Who would buy a volume on the leadership lessons of Richard Nixon? Who would hire someone who had read such a book?

As one might expect, there are lessons from business people like Jack Welch of General Electric. But there is much more. There are the leadership lessons to be gleaned from the military, the great wars—the Gulf War, the Civil War, and World War II, and the people who fought them—George Patton, Billy Mitchell, Napoleon, Julius Caesar, Lord Nelson, and U.S. Grant and Robert E. Lee. Most won their wars, but some lost and two died. For those more tame of spirit, there are the leadership lessons of pacifists such as Gandhi. Then there are the religious and biblical leaders, including Jesus, Confucius, King David, and Moses. Heads of state are pretty popular, too—Attila the Hun, Emperor Shaka Zulu, Queen Elizabeth I (CEO: Strategic Lessons From the Leader Who Built an Empire), Ronald Reagan, and Richard Nixon. Newt Gingrich added to the richness of available lessons with his own autobiography. To this veritable cornucopia of goodies must be added the lessons of sports—Dean Smith, Bill Russell (11 Lessons From the 20th Century's Greatest Winner), Bill Parcells, and Bobby Knight. This is nicely complemented by lessons from the golf links. And for those who prefer the literary to the gritty, there are at least two volumes on the lessons of Shakespeare and a fine book that takes the long view from Homer to Hemingway. And for those who learn best from nonprint media, there is this: Lessons From the Great Films.

The number of lessons in these volumes varies from four to 293. The median seems to be somewhere between seven and 10. The most popular person to learn from was Jesus. The five volumes on leadership ran the gamut from Lessons From Jesus to More Lessons From Jesus. There were multiple books on Grant, Lee, Welch, and the polar explorer Sir Ernest Shackleford, who managed to get his crew stranded and his boat frozen in the Antarctic. I suspect this leadership-lessons business is a little faddish. Shackleford has only recently come into vogue with a traveling museum show on his struggles. For this reason, I am awaiting an outpouring of books on the leadership lessons of Vermeer.

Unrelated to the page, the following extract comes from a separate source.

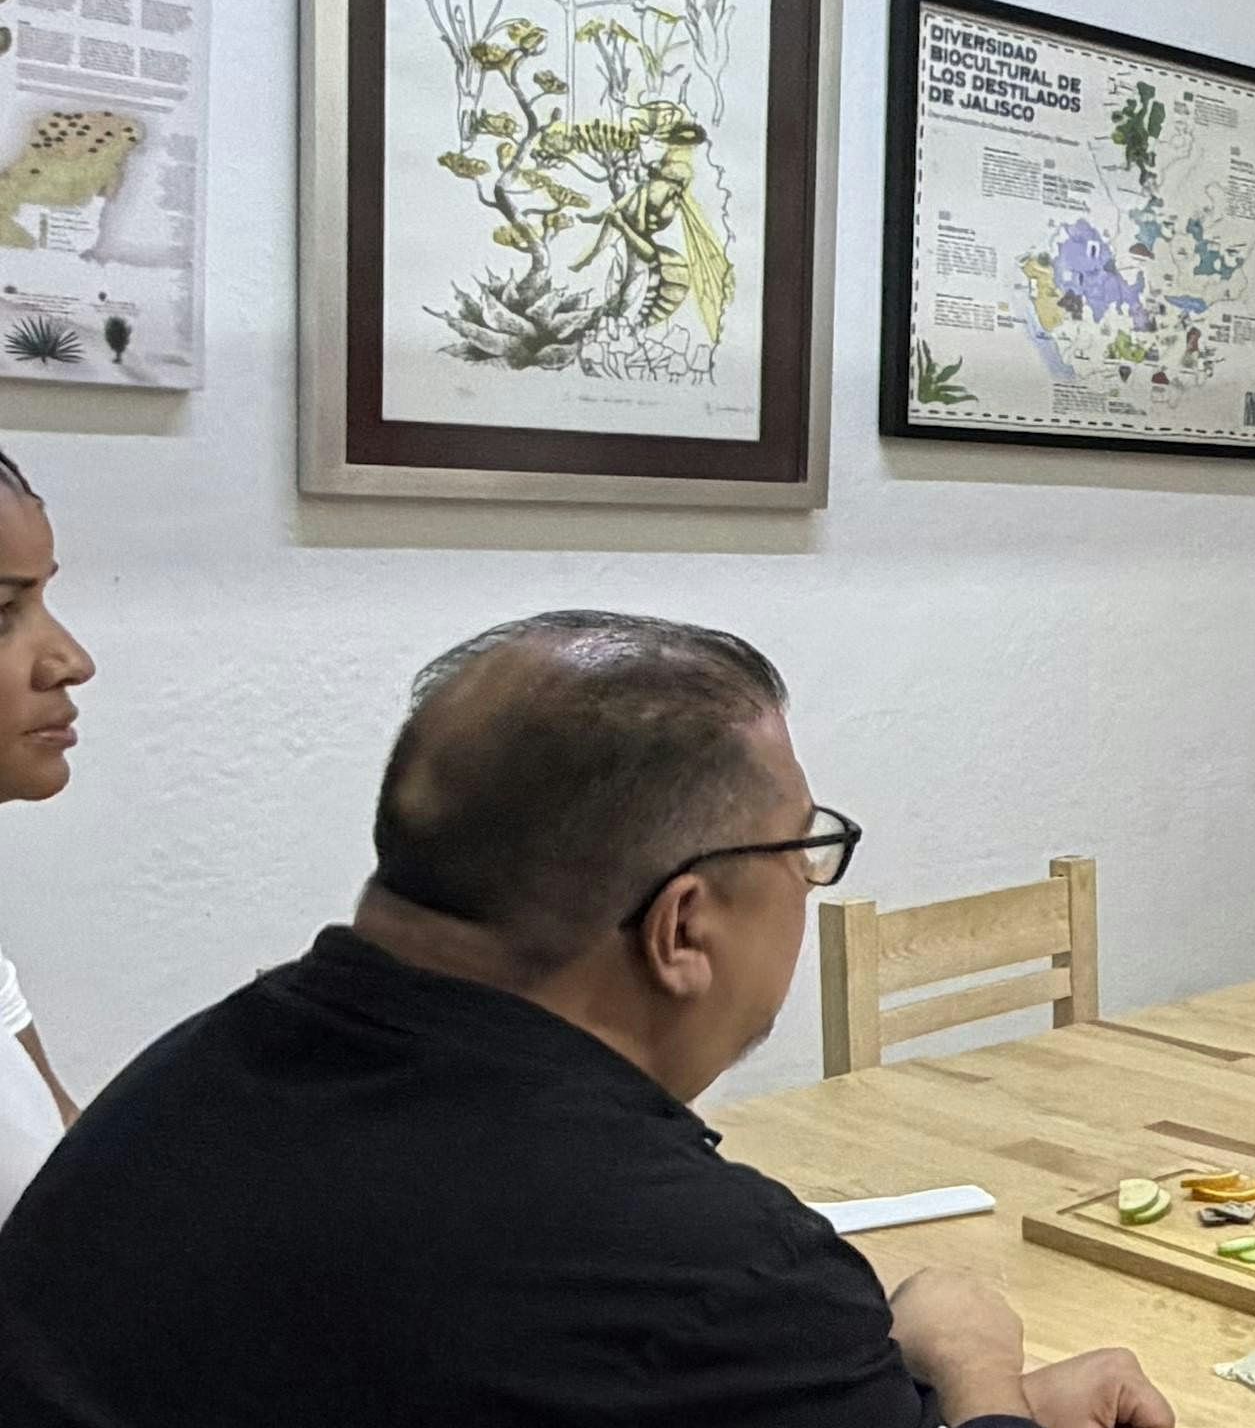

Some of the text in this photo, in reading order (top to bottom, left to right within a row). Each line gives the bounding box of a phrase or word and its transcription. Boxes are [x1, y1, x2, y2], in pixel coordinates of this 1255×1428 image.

I recognize this leadership-lessons field is pretty crowded, but the buyers have got to be desperate. Who would buy a volume on the leadership lessons of Richard Nixon? It sounds like a "Saturday Night Live" gag or a joke gift. Who would hire someone who had read such a book? What would one expect to learn from such a volume? Don't forget to burn any tapes that prove criminal behavior? Maybe it's like collecting plates from the Franklin Mint, but I don't think so. I am also pretty sure the consumers aren't buying the books because it's camp. I have watched them make purchases in the bookstores. There is no devilish glint in their eyes or smile on their lips. The inescapable conclusion is that the people who buy these books will buy anything.

The inescapable conclusion is that the people who buy these books will buy anything.

I've got it all figured out how I can capitalize on this. All I need is the right person to write leadership lessons about. I've gone through thousands of names—Bill Gates, the Rockefellers, Bill Clinton, Bill Bennett, Steven Spielberg, Britney Spears, Morrie, Felicity, and Pete Rose. All good, but none perfect. Then it hit me, the perfect name—Harry Potter.

In contrast to most of the leadership-lesson books, this one has two markets. The first is those people who are buying the 14,000 books on leadership already in publication. This is one more chance to release their inner leader. The second (which is the best part of my plan) is children, who will whine to their parents that they must have the new Harry Potter book when they see it in the bookstore windows. The kids will wear them down. I can already imagine the "leadership lessons" parties at bookstores at midnight on the night my book comes out, as well as the use of my book as a text in weekend hotel seminars, as a birthday gift for children and for business school graduates. It's a natural. All I need is seven leadership lessons—like, be able to talk to snakes and don't fall off your Quidditch stick—and next year it's going to be orchestra seats and appetizers all around.

Arthur Levine is the president of Teachers College, Columbia University, in New York City.